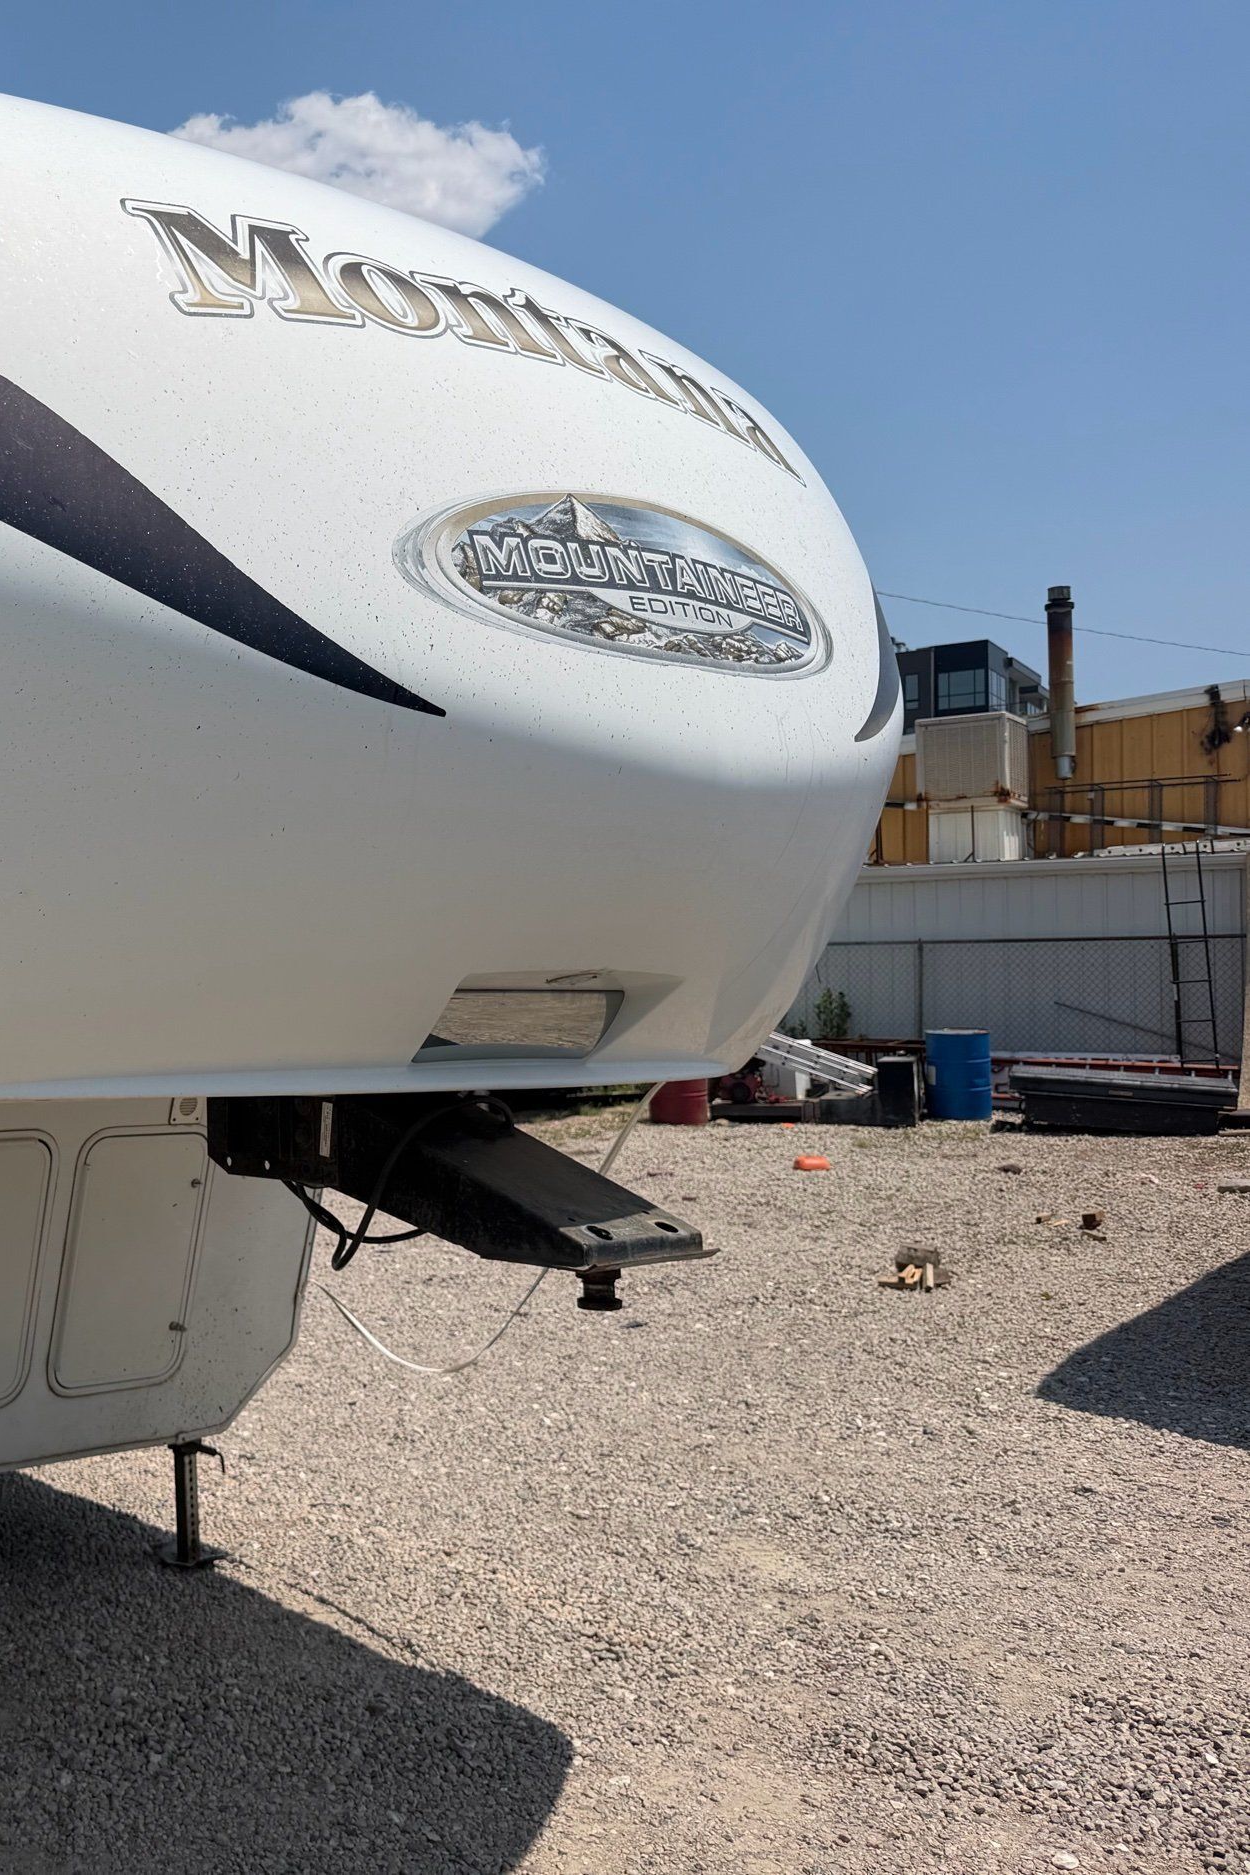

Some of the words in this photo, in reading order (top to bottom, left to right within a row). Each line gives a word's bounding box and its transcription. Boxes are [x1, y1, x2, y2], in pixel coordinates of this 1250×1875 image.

[121, 198, 806, 487] Montana
[472, 533, 805, 632] MOUNTAINEER
[629, 595, 733, 629] EDITION
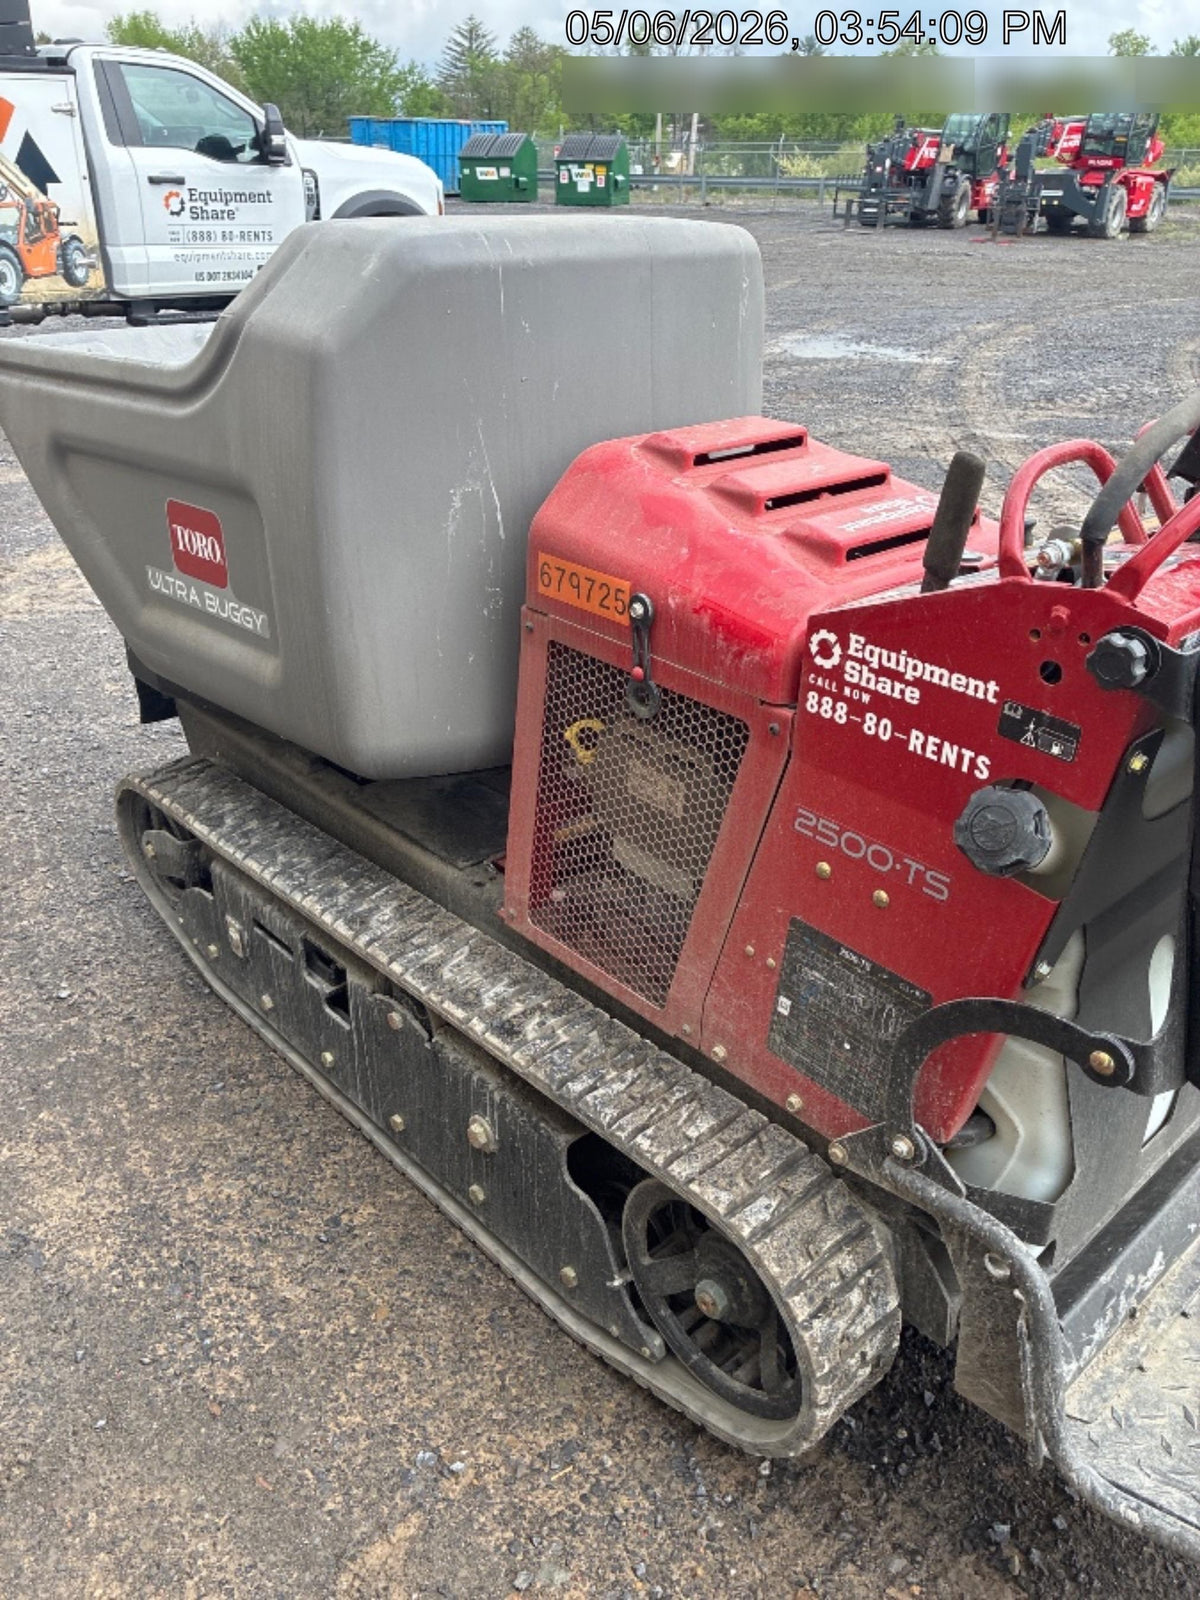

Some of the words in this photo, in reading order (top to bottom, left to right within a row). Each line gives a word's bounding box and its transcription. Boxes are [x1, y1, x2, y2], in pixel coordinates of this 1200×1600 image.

[187, 188, 273, 206] Equipment
[189, 206, 236, 220] Share
[186, 230, 217, 242] (888)
[171, 523, 222, 565] TORO
[147, 567, 202, 608] ULTRA
[204, 591, 266, 634] BUGGY
[540, 561, 627, 616] 679725
[808, 673, 838, 693] CALL
[843, 685, 872, 705] NOW
[843, 660, 921, 705] Share
[847, 632, 1000, 704] Equipment
[805, 690, 992, 780] 888-80-RENTS
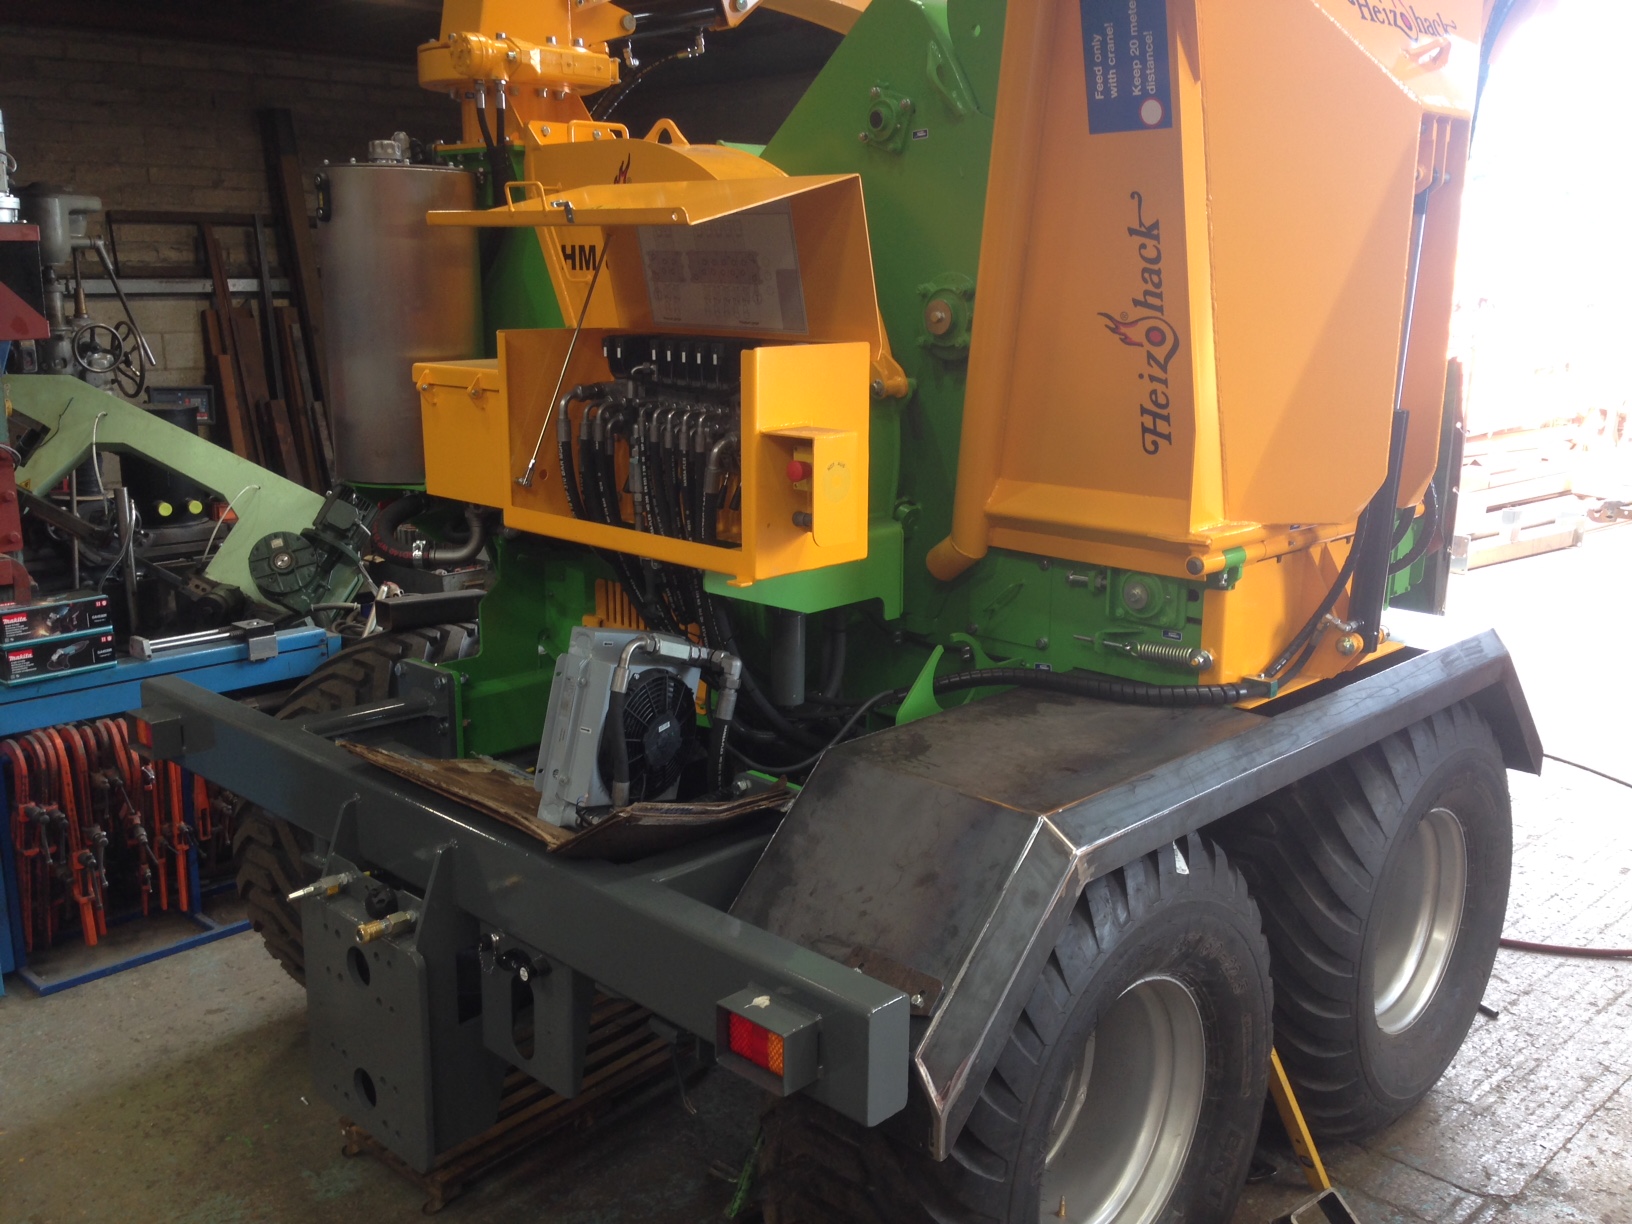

Your goal: Each line of the listing is to be retyped exactly, and its pictures are to be dropped.

Reply to the task:
Some of the words in this photo, in reading order (top to bottom, left to right within a row). Each line gives a word's bounding box and its transcription. Boxes are [x1, y1, x2, y2], in pixel coordinates of this 1250×1875 image.

[121, 198, 806, 487] Montana
[472, 533, 805, 632] MOUNTAINEER
[629, 595, 733, 629] EDITION

Some of the words in this photo, in reading order (top to bottom, left to right within a row). Each line gives a word's bounding box and its transcription. Boxes are [x1, y1, x2, y2], in pixel coordinates of this 1200×1600 image.

[187, 188, 273, 206] Equipment
[189, 206, 236, 220] Share
[186, 230, 217, 242] (888)
[171, 523, 222, 565] TORO
[147, 567, 202, 608] ULTRA
[204, 591, 266, 634] BUGGY
[540, 561, 627, 616] 679725
[808, 673, 838, 693] CALL
[843, 685, 872, 705] NOW
[843, 660, 921, 705] Share
[847, 632, 1000, 704] Equipment
[805, 690, 992, 780] 888-80-RENTS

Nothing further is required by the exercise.